▶ [Exercise aim]:
An exact copy of all the data is the required output.
■ ■ ■ ■ ■
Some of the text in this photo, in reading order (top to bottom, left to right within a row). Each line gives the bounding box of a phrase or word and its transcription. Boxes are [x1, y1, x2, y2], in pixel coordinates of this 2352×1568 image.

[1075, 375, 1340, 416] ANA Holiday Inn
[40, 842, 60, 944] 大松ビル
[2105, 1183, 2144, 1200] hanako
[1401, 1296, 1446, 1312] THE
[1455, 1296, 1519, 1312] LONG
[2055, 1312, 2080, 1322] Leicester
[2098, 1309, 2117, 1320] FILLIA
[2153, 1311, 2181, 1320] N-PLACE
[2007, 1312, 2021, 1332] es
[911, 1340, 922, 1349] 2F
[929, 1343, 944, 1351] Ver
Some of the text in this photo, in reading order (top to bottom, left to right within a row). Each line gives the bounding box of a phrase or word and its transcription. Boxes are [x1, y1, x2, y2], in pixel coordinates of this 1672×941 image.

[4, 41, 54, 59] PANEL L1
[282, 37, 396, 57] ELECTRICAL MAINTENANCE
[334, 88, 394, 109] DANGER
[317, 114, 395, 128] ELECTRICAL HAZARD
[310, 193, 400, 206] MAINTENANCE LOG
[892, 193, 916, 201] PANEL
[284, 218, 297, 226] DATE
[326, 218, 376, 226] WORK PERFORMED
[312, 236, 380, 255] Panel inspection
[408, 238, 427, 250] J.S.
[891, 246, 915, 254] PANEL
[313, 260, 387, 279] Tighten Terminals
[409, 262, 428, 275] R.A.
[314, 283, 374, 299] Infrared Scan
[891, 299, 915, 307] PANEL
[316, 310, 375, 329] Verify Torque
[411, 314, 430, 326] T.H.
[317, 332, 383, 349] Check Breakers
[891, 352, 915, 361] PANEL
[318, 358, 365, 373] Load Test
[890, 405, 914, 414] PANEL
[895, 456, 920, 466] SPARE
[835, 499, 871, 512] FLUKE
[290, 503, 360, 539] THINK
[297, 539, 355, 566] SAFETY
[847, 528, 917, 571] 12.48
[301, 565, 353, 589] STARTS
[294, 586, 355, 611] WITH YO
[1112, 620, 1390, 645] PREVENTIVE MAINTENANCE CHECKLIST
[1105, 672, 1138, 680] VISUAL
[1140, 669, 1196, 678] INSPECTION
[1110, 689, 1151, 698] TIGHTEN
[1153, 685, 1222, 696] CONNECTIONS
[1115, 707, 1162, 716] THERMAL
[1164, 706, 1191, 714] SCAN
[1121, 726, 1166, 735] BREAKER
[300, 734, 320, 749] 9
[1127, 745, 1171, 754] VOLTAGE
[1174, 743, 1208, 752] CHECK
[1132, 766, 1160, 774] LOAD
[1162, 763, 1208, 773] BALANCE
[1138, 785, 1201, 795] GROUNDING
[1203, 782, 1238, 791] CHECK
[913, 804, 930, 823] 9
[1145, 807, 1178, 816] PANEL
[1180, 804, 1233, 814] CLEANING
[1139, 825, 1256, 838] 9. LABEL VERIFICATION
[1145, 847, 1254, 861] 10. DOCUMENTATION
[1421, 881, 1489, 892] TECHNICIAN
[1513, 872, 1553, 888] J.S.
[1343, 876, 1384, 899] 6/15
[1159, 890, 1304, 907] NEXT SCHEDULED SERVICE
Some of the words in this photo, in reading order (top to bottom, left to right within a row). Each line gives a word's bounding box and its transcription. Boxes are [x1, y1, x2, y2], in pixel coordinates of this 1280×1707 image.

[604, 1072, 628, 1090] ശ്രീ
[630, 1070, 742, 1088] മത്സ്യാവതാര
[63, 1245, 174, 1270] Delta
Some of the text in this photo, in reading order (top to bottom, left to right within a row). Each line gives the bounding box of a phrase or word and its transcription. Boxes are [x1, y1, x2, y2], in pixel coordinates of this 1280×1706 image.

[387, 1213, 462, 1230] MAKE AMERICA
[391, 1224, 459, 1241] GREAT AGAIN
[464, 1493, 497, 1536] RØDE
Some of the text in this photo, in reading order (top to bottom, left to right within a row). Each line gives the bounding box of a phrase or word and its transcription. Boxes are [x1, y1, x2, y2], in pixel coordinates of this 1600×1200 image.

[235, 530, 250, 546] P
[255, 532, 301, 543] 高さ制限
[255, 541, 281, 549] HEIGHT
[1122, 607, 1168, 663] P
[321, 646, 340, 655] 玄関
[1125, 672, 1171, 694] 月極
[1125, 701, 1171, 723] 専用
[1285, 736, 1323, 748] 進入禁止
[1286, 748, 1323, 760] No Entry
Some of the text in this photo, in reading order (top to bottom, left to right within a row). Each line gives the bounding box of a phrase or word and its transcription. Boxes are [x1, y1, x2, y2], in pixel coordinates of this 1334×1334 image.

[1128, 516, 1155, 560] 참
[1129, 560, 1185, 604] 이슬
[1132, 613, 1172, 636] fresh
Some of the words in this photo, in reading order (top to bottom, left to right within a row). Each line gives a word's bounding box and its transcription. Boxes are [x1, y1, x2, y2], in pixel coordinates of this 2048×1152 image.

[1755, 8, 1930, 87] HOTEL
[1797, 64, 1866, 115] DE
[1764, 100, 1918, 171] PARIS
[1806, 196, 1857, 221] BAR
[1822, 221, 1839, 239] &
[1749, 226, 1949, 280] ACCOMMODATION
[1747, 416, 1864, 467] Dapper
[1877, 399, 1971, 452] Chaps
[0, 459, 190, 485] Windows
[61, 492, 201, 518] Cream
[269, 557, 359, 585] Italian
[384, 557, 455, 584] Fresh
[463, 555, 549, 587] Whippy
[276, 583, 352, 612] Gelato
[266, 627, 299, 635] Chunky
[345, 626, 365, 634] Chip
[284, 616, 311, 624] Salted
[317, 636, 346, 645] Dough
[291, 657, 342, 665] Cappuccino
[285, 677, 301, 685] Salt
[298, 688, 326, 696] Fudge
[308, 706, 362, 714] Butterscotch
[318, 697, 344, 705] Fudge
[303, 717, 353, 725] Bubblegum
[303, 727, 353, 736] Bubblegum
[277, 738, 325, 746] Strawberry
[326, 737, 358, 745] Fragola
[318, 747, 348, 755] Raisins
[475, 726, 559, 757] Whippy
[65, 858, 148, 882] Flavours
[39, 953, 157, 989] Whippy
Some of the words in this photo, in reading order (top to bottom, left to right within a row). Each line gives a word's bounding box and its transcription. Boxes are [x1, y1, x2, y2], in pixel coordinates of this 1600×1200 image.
■ ■ ■ ■ ■
▶ [Answer below]:
Some of the text in this photo, in reading order (top to bottom, left to right within a row). Each line gives the bounding box of a phrase or word and its transcription. Boxes are [x1, y1, x2, y2], in pixel coordinates of this 2352×1568 image.

[1075, 375, 1340, 416] ANA Holiday Inn
[40, 842, 60, 944] 大松ビル
[2105, 1183, 2144, 1200] hanako
[1401, 1296, 1446, 1312] THE
[1455, 1296, 1519, 1312] LONG
[2055, 1312, 2080, 1322] Leicester
[2098, 1309, 2117, 1320] FILLIA
[2153, 1311, 2181, 1320] N-PLACE
[2007, 1312, 2021, 1332] es
[911, 1340, 922, 1349] 2F
[929, 1343, 944, 1351] Ver
Some of the text in this photo, in reading order (top to bottom, left to right within a row). Each line gives the bounding box of a phrase or word and its transcription. Boxes are [x1, y1, x2, y2], in pixel coordinates of this 1672×941 image.

[4, 41, 54, 59] PANEL L1
[282, 37, 396, 57] ELECTRICAL MAINTENANCE
[334, 88, 394, 109] DANGER
[317, 114, 395, 128] ELECTRICAL HAZARD
[310, 193, 400, 206] MAINTENANCE LOG
[892, 193, 916, 201] PANEL
[284, 218, 297, 226] DATE
[326, 218, 376, 226] WORK PERFORMED
[312, 236, 380, 255] Panel inspection
[408, 238, 427, 250] J.S.
[891, 246, 915, 254] PANEL
[313, 260, 387, 279] Tighten Terminals
[409, 262, 428, 275] R.A.
[314, 283, 374, 299] Infrared Scan
[891, 299, 915, 307] PANEL
[316, 310, 375, 329] Verify Torque
[411, 314, 430, 326] T.H.
[317, 332, 383, 349] Check Breakers
[891, 352, 915, 361] PANEL
[318, 358, 365, 373] Load Test
[890, 405, 914, 414] PANEL
[895, 456, 920, 466] SPARE
[835, 499, 871, 512] FLUKE
[290, 503, 360, 539] THINK
[297, 539, 355, 566] SAFETY
[847, 528, 917, 571] 12.48
[301, 565, 353, 589] STARTS
[294, 586, 355, 611] WITH YO
[1112, 620, 1390, 645] PREVENTIVE MAINTENANCE CHECKLIST
[1105, 672, 1138, 680] VISUAL
[1140, 669, 1196, 678] INSPECTION
[1110, 689, 1151, 698] TIGHTEN
[1153, 685, 1222, 696] CONNECTIONS
[1115, 707, 1162, 716] THERMAL
[1164, 706, 1191, 714] SCAN
[1121, 726, 1166, 735] BREAKER
[300, 734, 320, 749] 9
[1127, 745, 1171, 754] VOLTAGE
[1174, 743, 1208, 752] CHECK
[1132, 766, 1160, 774] LOAD
[1162, 763, 1208, 773] BALANCE
[1138, 785, 1201, 795] GROUNDING
[1203, 782, 1238, 791] CHECK
[913, 804, 930, 823] 9
[1145, 807, 1178, 816] PANEL
[1180, 804, 1233, 814] CLEANING
[1139, 825, 1256, 838] 9. LABEL VERIFICATION
[1145, 847, 1254, 861] 10. DOCUMENTATION
[1421, 881, 1489, 892] TECHNICIAN
[1513, 872, 1553, 888] J.S.
[1343, 876, 1384, 899] 6/15
[1159, 890, 1304, 907] NEXT SCHEDULED SERVICE
Some of the words in this photo, in reading order (top to bottom, left to right within a row). Each line gives a word's bounding box and its transcription. Boxes are [x1, y1, x2, y2], in pixel coordinates of this 1280×1707 image.

[604, 1072, 628, 1090] ശ്രീ
[630, 1070, 742, 1088] മത്സ്യാവതാര
[63, 1245, 174, 1270] Delta
Some of the text in this photo, in reading order (top to bottom, left to right within a row). Each line gives the bounding box of a phrase or word and its transcription. Boxes are [x1, y1, x2, y2], in pixel coordinates of this 1280×1706 image.

[387, 1213, 462, 1230] MAKE AMERICA
[391, 1224, 459, 1241] GREAT AGAIN
[464, 1493, 497, 1536] RØDE
Some of the text in this photo, in reading order (top to bottom, left to right within a row). Each line gives the bounding box of a phrase or word and its transcription. Boxes are [x1, y1, x2, y2], in pixel coordinates of this 1600×1200 image.

[235, 530, 250, 546] P
[255, 532, 301, 543] 高さ制限
[255, 541, 281, 549] HEIGHT
[1122, 607, 1168, 663] P
[321, 646, 340, 655] 玄関
[1125, 672, 1171, 694] 月極
[1125, 701, 1171, 723] 専用
[1285, 736, 1323, 748] 進入禁止
[1286, 748, 1323, 760] No Entry
Some of the text in this photo, in reading order (top to bottom, left to right within a row). Each line gives the bounding box of a phrase or word and its transcription. Boxes are [x1, y1, x2, y2], in pixel coordinates of this 1334×1334 image.

[1128, 516, 1155, 560] 참
[1129, 560, 1185, 604] 이슬
[1132, 613, 1172, 636] fresh
Some of the words in this photo, in reading order (top to bottom, left to right within a row). Each line gives a word's bounding box and its transcription. Boxes are [x1, y1, x2, y2], in pixel coordinates of this 2048×1152 image.

[1755, 8, 1930, 87] HOTEL
[1797, 64, 1866, 115] DE
[1764, 100, 1918, 171] PARIS
[1806, 196, 1857, 221] BAR
[1822, 221, 1839, 239] &
[1749, 226, 1949, 280] ACCOMMODATION
[1747, 416, 1864, 467] Dapper
[1877, 399, 1971, 452] Chaps
[0, 459, 190, 485] Windows
[61, 492, 201, 518] Cream
[269, 557, 359, 585] Italian
[384, 557, 455, 584] Fresh
[463, 555, 549, 587] Whippy
[276, 583, 352, 612] Gelato
[266, 627, 299, 635] Chunky
[345, 626, 365, 634] Chip
[284, 616, 311, 624] Salted
[317, 636, 346, 645] Dough
[291, 657, 342, 665] Cappuccino
[285, 677, 301, 685] Salt
[298, 688, 326, 696] Fudge
[308, 706, 362, 714] Butterscotch
[318, 697, 344, 705] Fudge
[303, 717, 353, 725] Bubblegum
[303, 727, 353, 736] Bubblegum
[277, 738, 325, 746] Strawberry
[326, 737, 358, 745] Fragola
[318, 747, 348, 755] Raisins
[475, 726, 559, 757] Whippy
[65, 858, 148, 882] Flavours
[39, 953, 157, 989] Whippy
Some of the words in this photo, in reading order (top to bottom, left to right within a row). Each line gives a word's bounding box and its transcription. Boxes are [x1, y1, x2, y2], in pixel coordinates of this 1600×1200 image.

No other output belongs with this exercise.